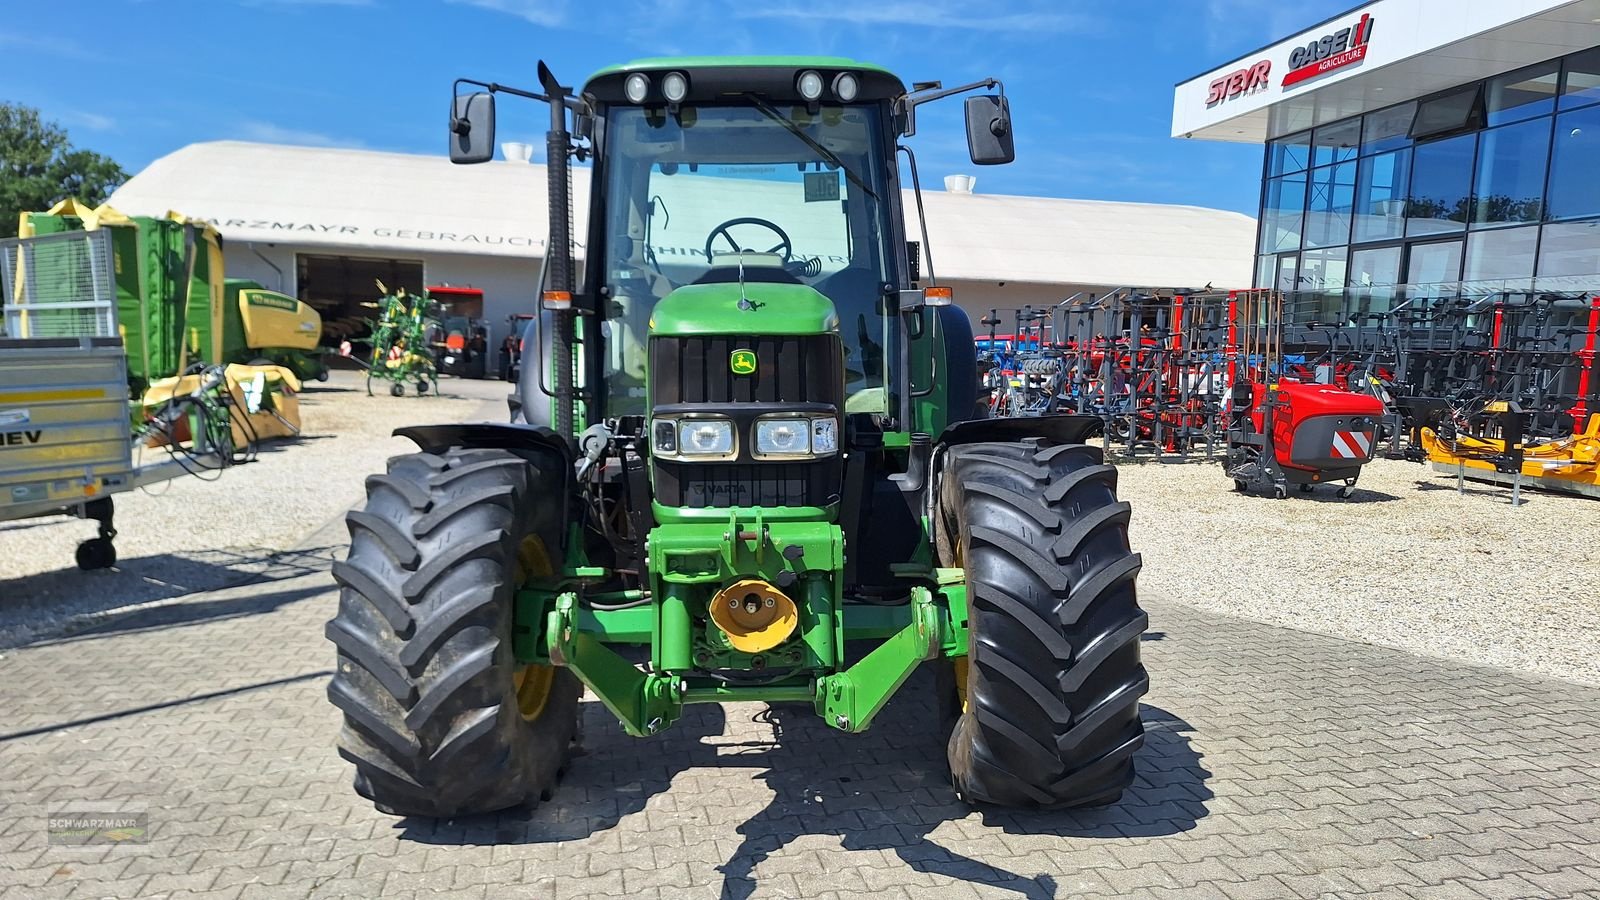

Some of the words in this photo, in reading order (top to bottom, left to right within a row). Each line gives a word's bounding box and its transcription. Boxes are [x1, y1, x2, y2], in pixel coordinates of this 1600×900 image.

[1288, 27, 1351, 70] CASE
[1318, 49, 1362, 71] AGRICULTURE
[1205, 60, 1272, 106] STEYR
[206, 217, 360, 235] ARZMAYR
[373, 227, 545, 247] GEBRAUCH
[707, 484, 747, 494] VARTA
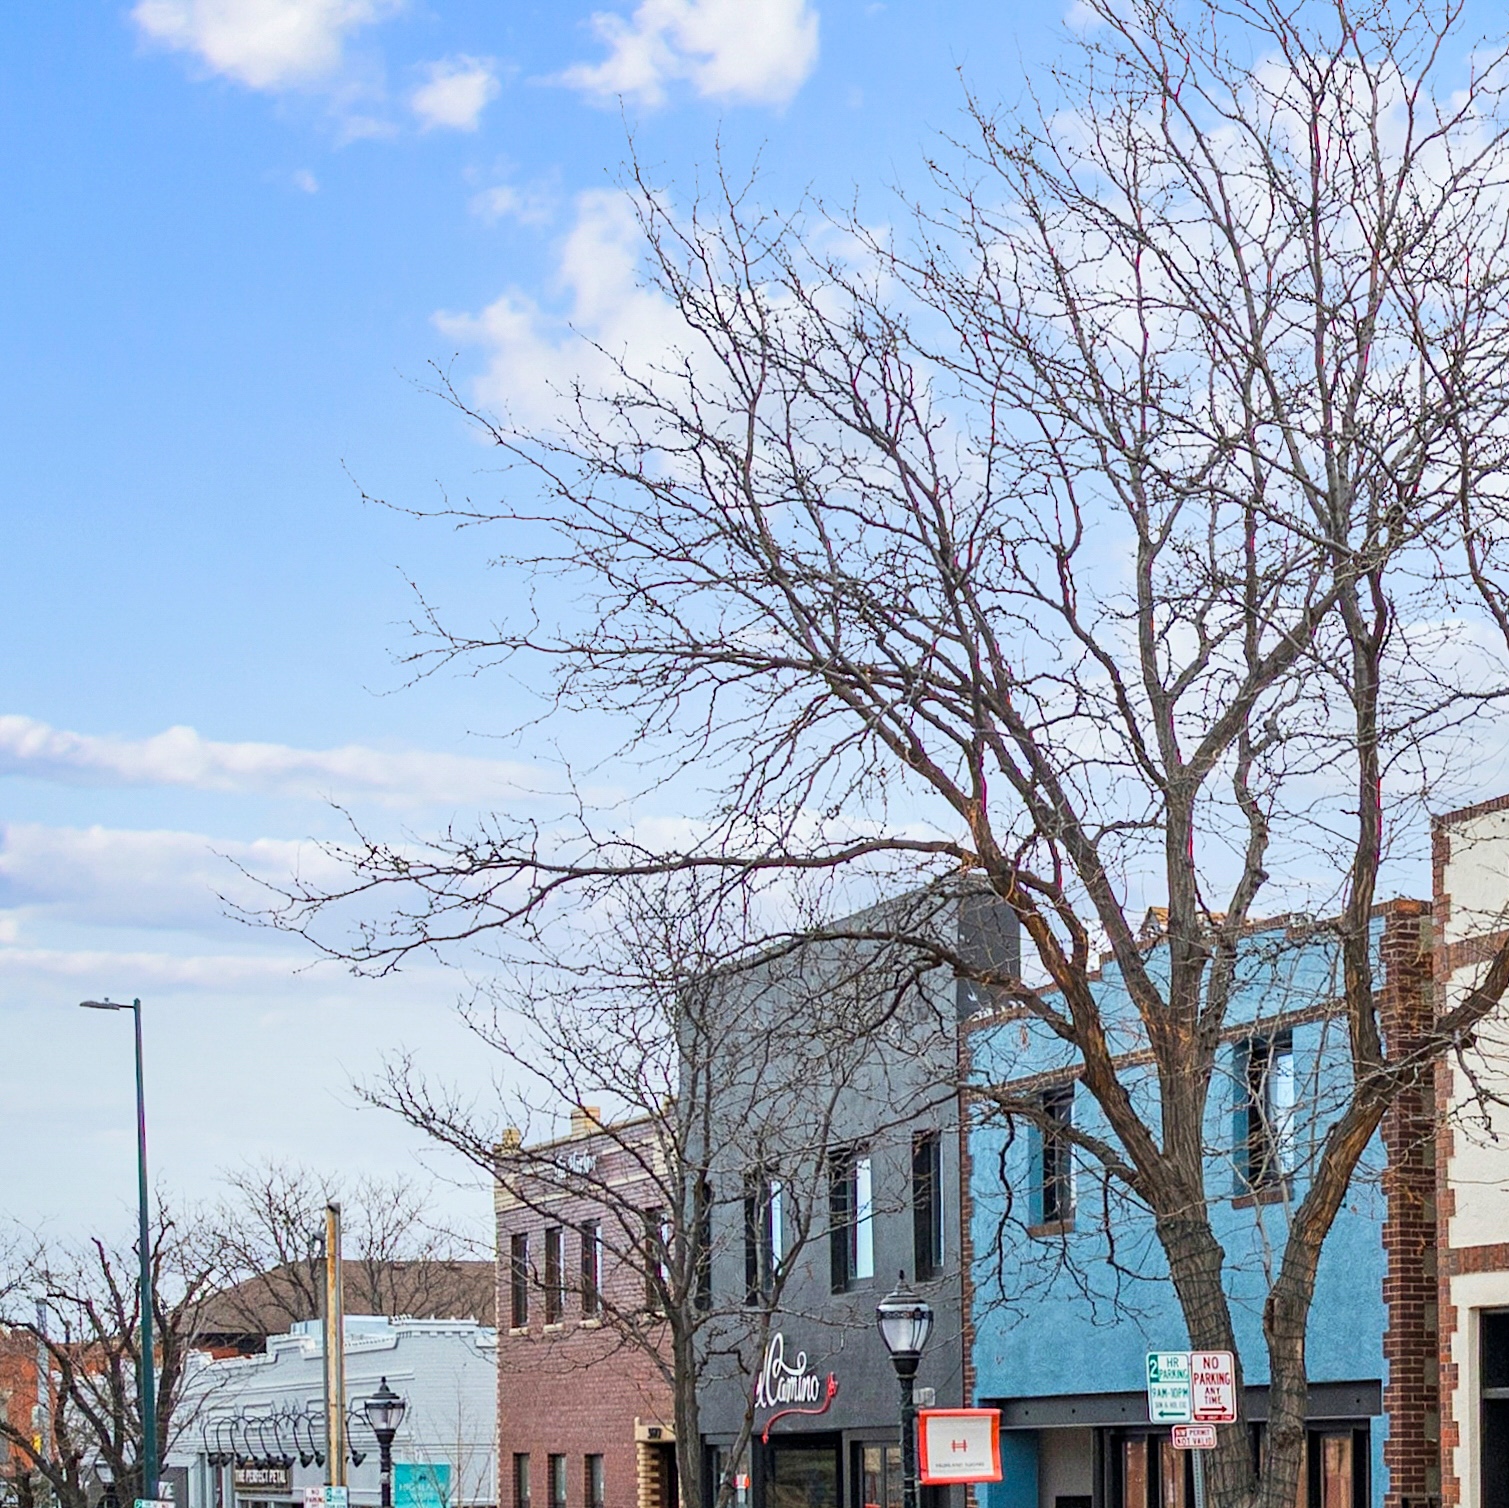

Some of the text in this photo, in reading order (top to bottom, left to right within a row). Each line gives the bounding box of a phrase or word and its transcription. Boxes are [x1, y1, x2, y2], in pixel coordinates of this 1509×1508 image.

[1150, 1357, 1179, 1378] 2 HR
[1203, 1357, 1219, 1369] NO
[765, 1332, 820, 1407] Camino
[1159, 1369, 1189, 1380] PARKING
[1193, 1372, 1231, 1385] PARKING
[1205, 1387, 1220, 1395] ANY
[1205, 1396, 1222, 1404] TIME
[234, 1469, 287, 1484] THE PERFECT PETAL
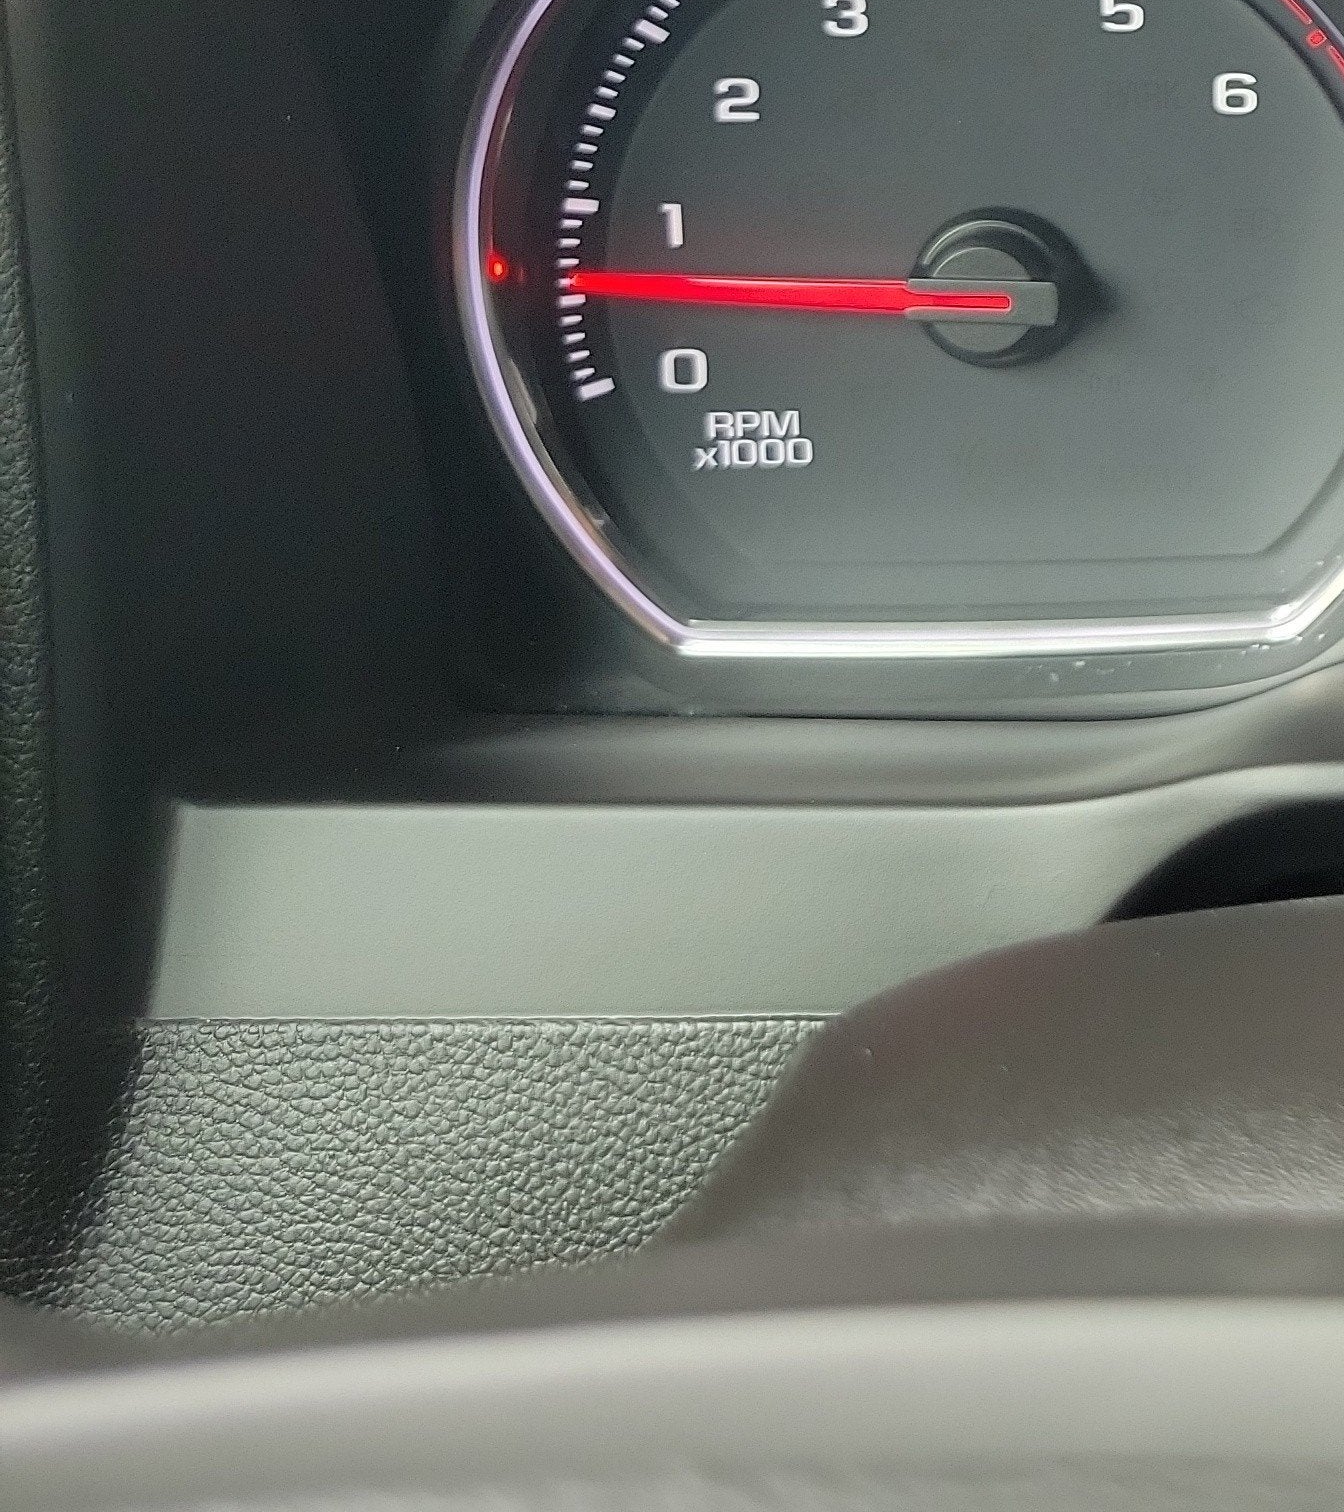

- [The problem]:
An exact copy of all entries is needed, with no pictures in it.

- [Reply]:
Some of the words in this photo, in reading order (top to bottom, left to right within a row). Each line gives a word's bounding box and its transcription. Boxes are [x1, y1, x2, y2], in pixel coordinates of this 1600×900 image.

[1288, 27, 1351, 70] CASE
[1318, 49, 1362, 71] AGRICULTURE
[1205, 60, 1272, 106] STEYR
[206, 217, 360, 235] ARZMAYR
[373, 227, 545, 247] GEBRAUCH
[707, 484, 747, 494] VARTA

Some of the text in this photo, in reading order (top to bottom, left to right within a row). Each line gives the bounding box of a phrase or word and its transcription. Boxes are [x1, y1, x2, y2], in pixel coordinates of this 1509×1508 image.

[1150, 1357, 1179, 1378] 2 HR
[1203, 1357, 1219, 1369] NO
[765, 1332, 820, 1407] Camino
[1159, 1369, 1189, 1380] PARKING
[1193, 1372, 1231, 1385] PARKING
[1205, 1387, 1220, 1395] ANY
[1205, 1396, 1222, 1404] TIME
[234, 1469, 287, 1484] THE PERFECT PETAL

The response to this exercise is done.